### Making CSV to have a look

```
$ cd src
$ ipython3 ../scripts/make_csv.py ir ../data/sample/m150_ir.p ../data/sample/m150_ir.csv
$ ipython3 ../scripts/make_csv.py nmr ../data/sample/m150_nmr.p ../data/sample/m150_nmr.csv
```

### Making fingerprints

Trying to evenly divide the bins.
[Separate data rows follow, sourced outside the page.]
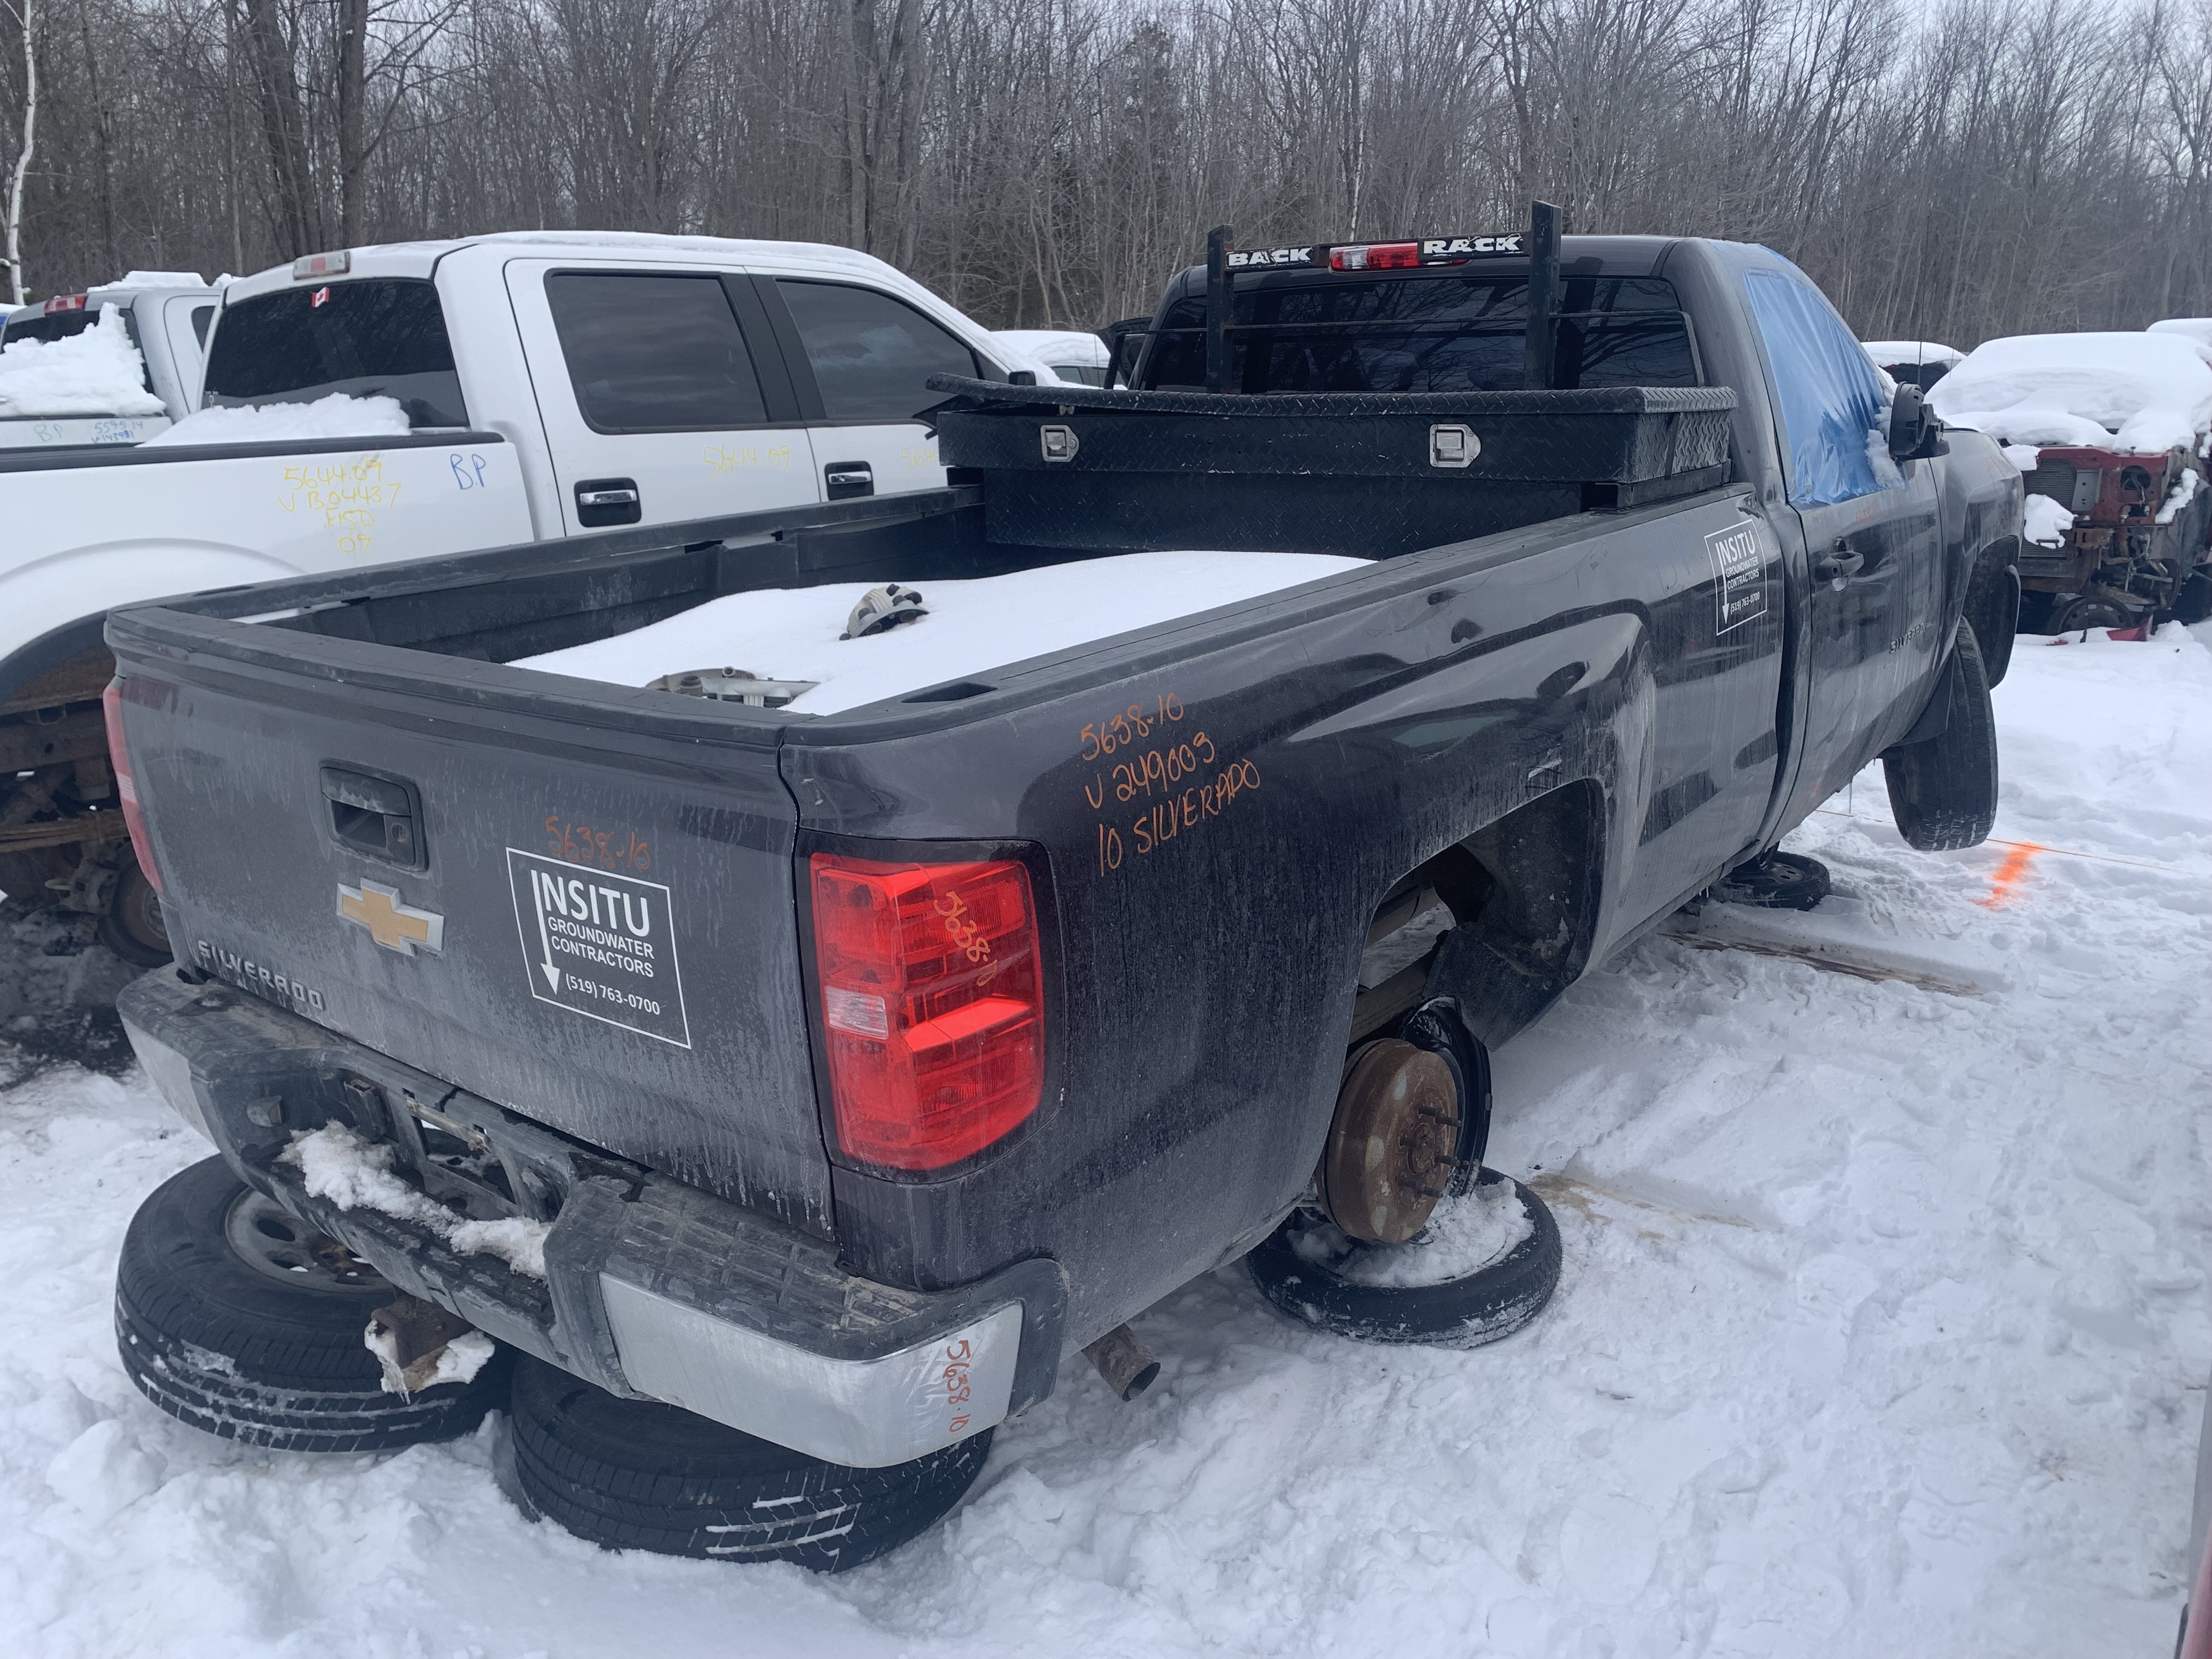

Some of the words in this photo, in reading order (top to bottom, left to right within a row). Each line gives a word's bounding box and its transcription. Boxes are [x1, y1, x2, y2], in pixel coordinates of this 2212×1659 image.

[1228, 247, 1311, 266] BACK
[1423, 236, 1521, 254] RACK
[1715, 529, 1756, 566] INSITU
[1725, 556, 1759, 578] GROUNDWATER
[1727, 568, 1759, 590] CONTRACTORS
[1730, 599, 1741, 615] (519)
[1741, 591, 1760, 607] 763-0700
[1099, 823, 1122, 878] 10
[1133, 758, 1261, 854] SILVERADO
[531, 869, 650, 937] INSITU
[548, 916, 655, 960] GROUNDWATER
[551, 935, 654, 978] CONTRACTORS
[198, 939, 325, 1011] SILVERADO
[565, 973, 597, 999] (519)
[599, 984, 661, 1015] 763-0700
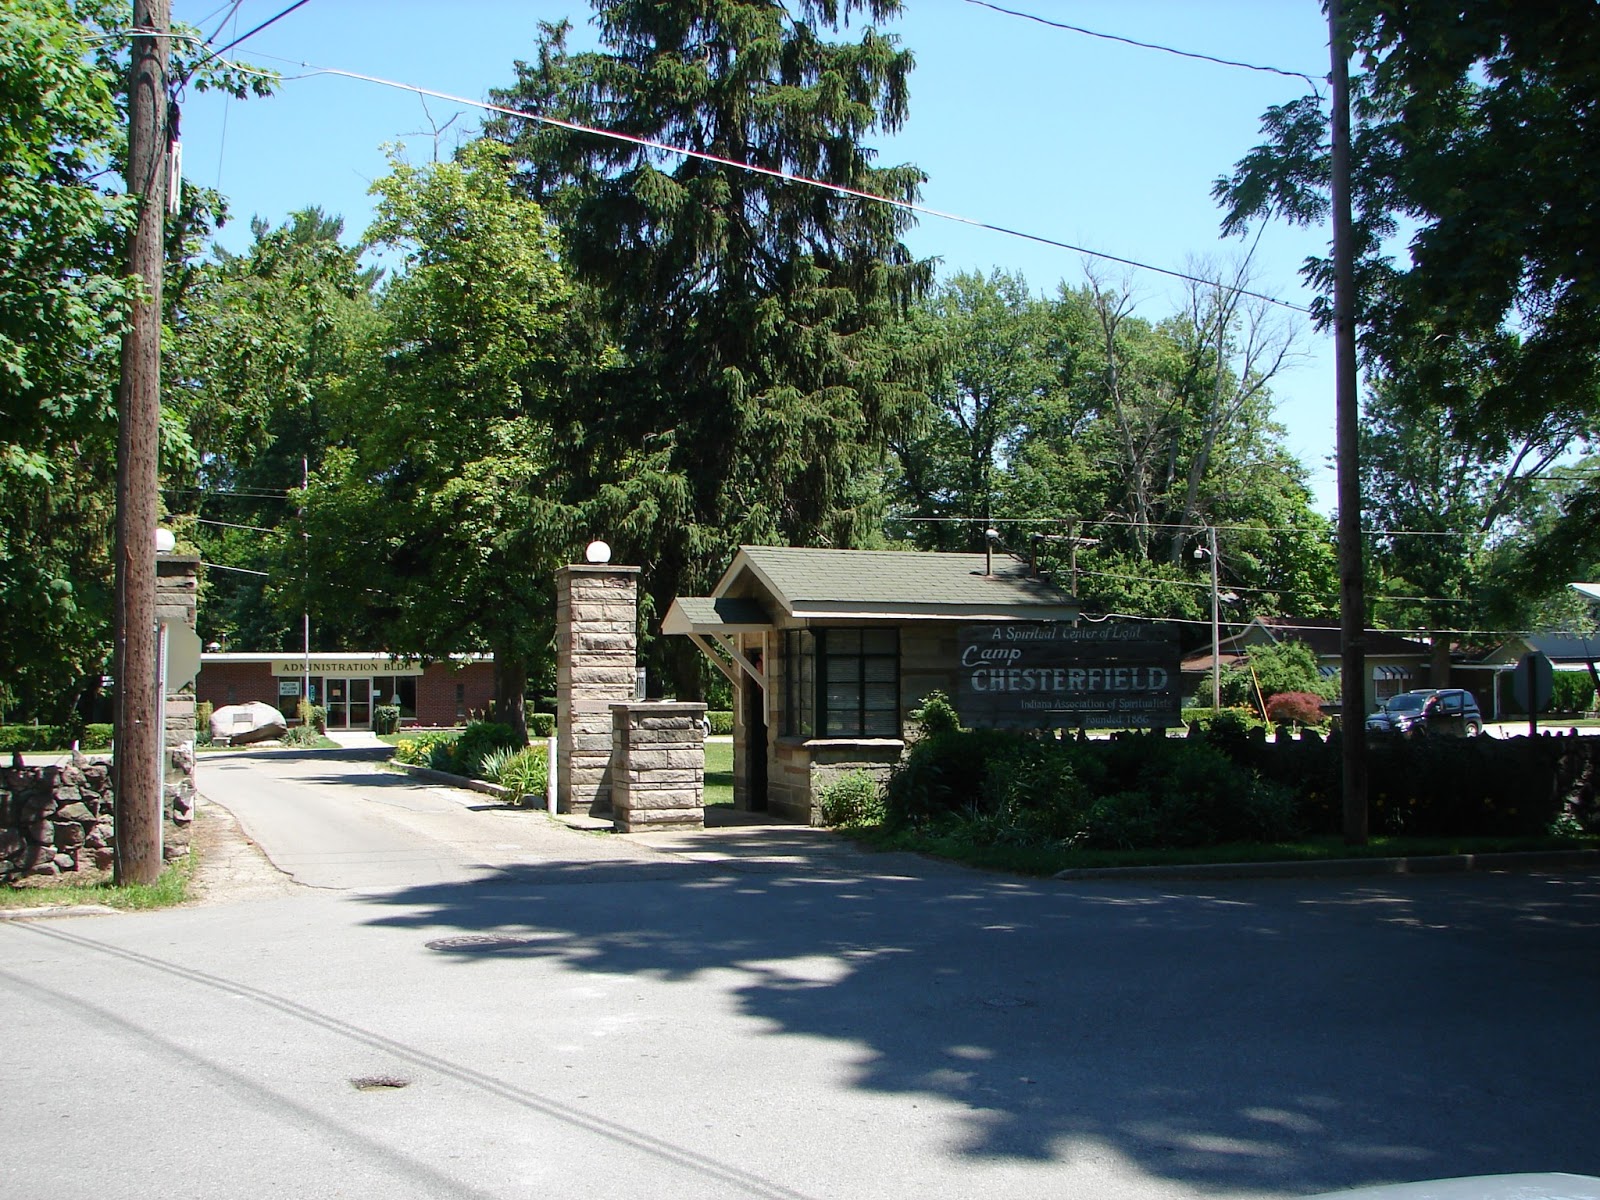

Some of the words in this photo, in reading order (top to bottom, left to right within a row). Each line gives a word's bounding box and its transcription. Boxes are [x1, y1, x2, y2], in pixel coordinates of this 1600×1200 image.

Specify the numbers of bins of ir and nmr data.

Maybe specify the positions to make fingerprints? Or specify the width of each bin?

In [1]:
import sys, os
sys.path.append(os.path.abspath('../src'))

In [2]:
from chemspace import Fingerprints, load_data, NMRVector, IRVector

In [3]:
nmr, ir = load_data('../rawdata/sample/nmr_data/150.042927432_vectors.p', '../rawdata/sample/ir_data/loader.p')

In [4]:
sample_nmr = NMRVector.from_old(nmr[0])
sample_smiles = sample_nmr.smiles
sample_ir = IRVector.from_old(ir, sample_smiles)
print(sample_smiles)

N#CCC1OCc2cnoc21


In [5]:
sample_fingerprints = Fingerprints(sample_nmr, sample_ir)

In [9]:
[x for x in enumerate(sample_fingerprints.data) if x[1] > 0]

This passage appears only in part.